Il rapporto tra medico e paziente non è un contratto giuridico, uno scambio di servizi fra cliente e fornitore: la medicina ha un significato intrinseco che non dipende dalla volontà del paziente e del medico, ma che rimanda a un solo, grandioso, scopo fondamentale: si fa medicina per curare chi soffre e, se possibile, per salvarlo. C’è un bene oggettivo tutelato dall’atto medico, c’è un “sacerdozio del corpo” che spiega perché il medico possa toccare un altro uomo, incidere con il bisturi la sua pelle, conoscere i suoi segreti più intimi, entrare in sintonia con l’altro che soffre al punto da compatirlo, da vivere insieme l’esperienza del male. Stiamo parlando del bene della vita, per il quale ogni medico degno di questo nome combatte in trincea ogni giorno. Medico e paziente non possono essere nemici, ma alleati, ciascuno all’interno del proprio ruolo.

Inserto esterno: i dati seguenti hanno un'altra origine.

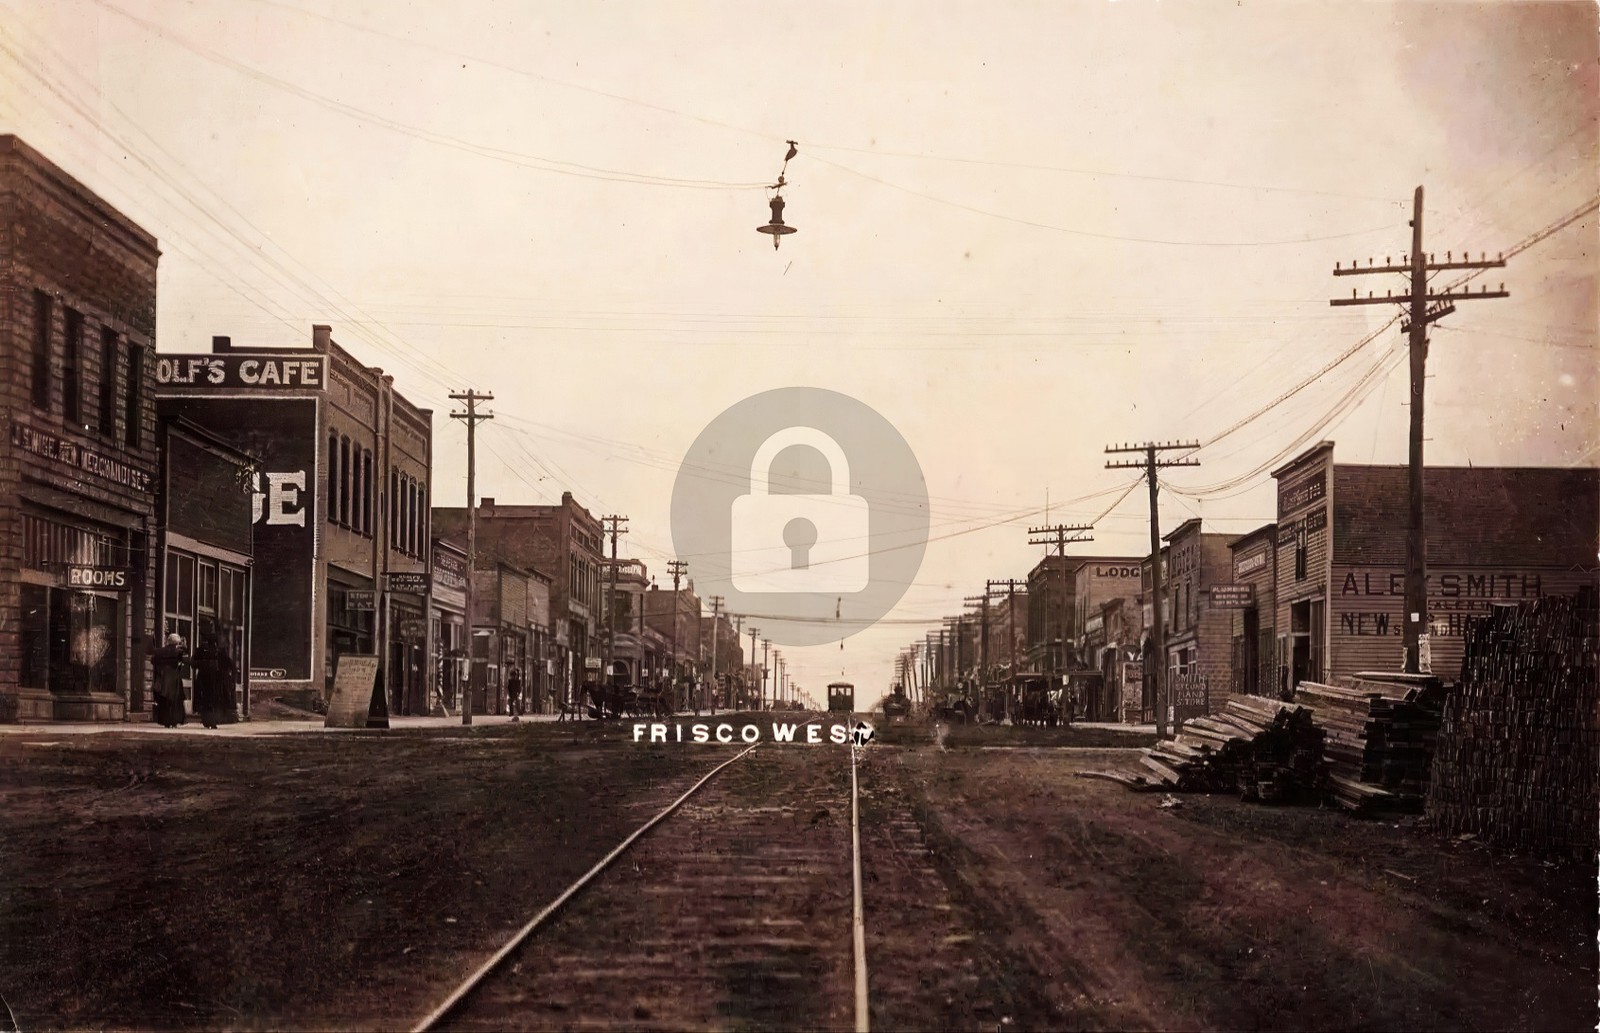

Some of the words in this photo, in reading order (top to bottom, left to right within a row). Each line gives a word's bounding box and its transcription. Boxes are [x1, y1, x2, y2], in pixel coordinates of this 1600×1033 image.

Dunque, se è vero che il medico non può prevaricare la libertà del suo assistito, è altrettanto vero che il malato si assume davanti a Dio e agli uomini una grave responsabilità morale quando decide di non ascoltare le pressanti indicazioni del medico, che mirano a salvargli la vita. Quando vi è un nesso diretto e immediato fra la terapia e il pericolo di morte incombente, un rifiuto del paziente appare come un atto di particolare gravità.
I pericoli di una deriva verso il diritto al suicidio e all’eutanasia
La nostra società è fortemente orientata ad affermare la libertà individuale in contrapposizione alla verità morale.
Ecco perché molti giornali hanno presentato la vicenda di questa donna come l’affermazione quasi eroica di un antiprincipio: questa paziente fa bene a non farsi operare perché il corpo è suo e ne fa quello che vuole. Un po’ come dicevano, sbagliando, le femministe a proposito dell’aborto. La vera sfida, dunque, è reagire all’idea falsa – ma affascinante per l’uomo moderno – che il diritto alla vita sia disponibile, e che ognuno possa fare ciò che vuole della propria esistenza. Secondo un sillogismo micidiale ma coerente, se quella donna ha avuto ragione a rifiutare le cure, allora anche suicidarsi rientra nella libertà della persona; e – passo ulteriore – chiedere l’eutanasia realizza un modo moralmente e giuridicamente lecito di uscire dalla scena del mondo. In questa prospettiva, il medico sarebbe ridotto a mero esecutore della volontà del paziente. Non è un caso che alcuni quotidiani abbiano inserito nella stessa pagina la notizia della donna, l’annuncio del varo del Testamento di Vita da parte del Comitato Nazionale per la Bioetica, e qualche caso di eutanasia avvenuto in Europa. Questo uso strumentale della vicenda deve essere denunciato. Pur senza negare l’importanza della libertà del paziente – che è un valore morale – bisognerà evitare che essa sia usata per affermare un presunto “diritto alla morte” che avrebbe conseguenze devastanti per la nostra civiltà.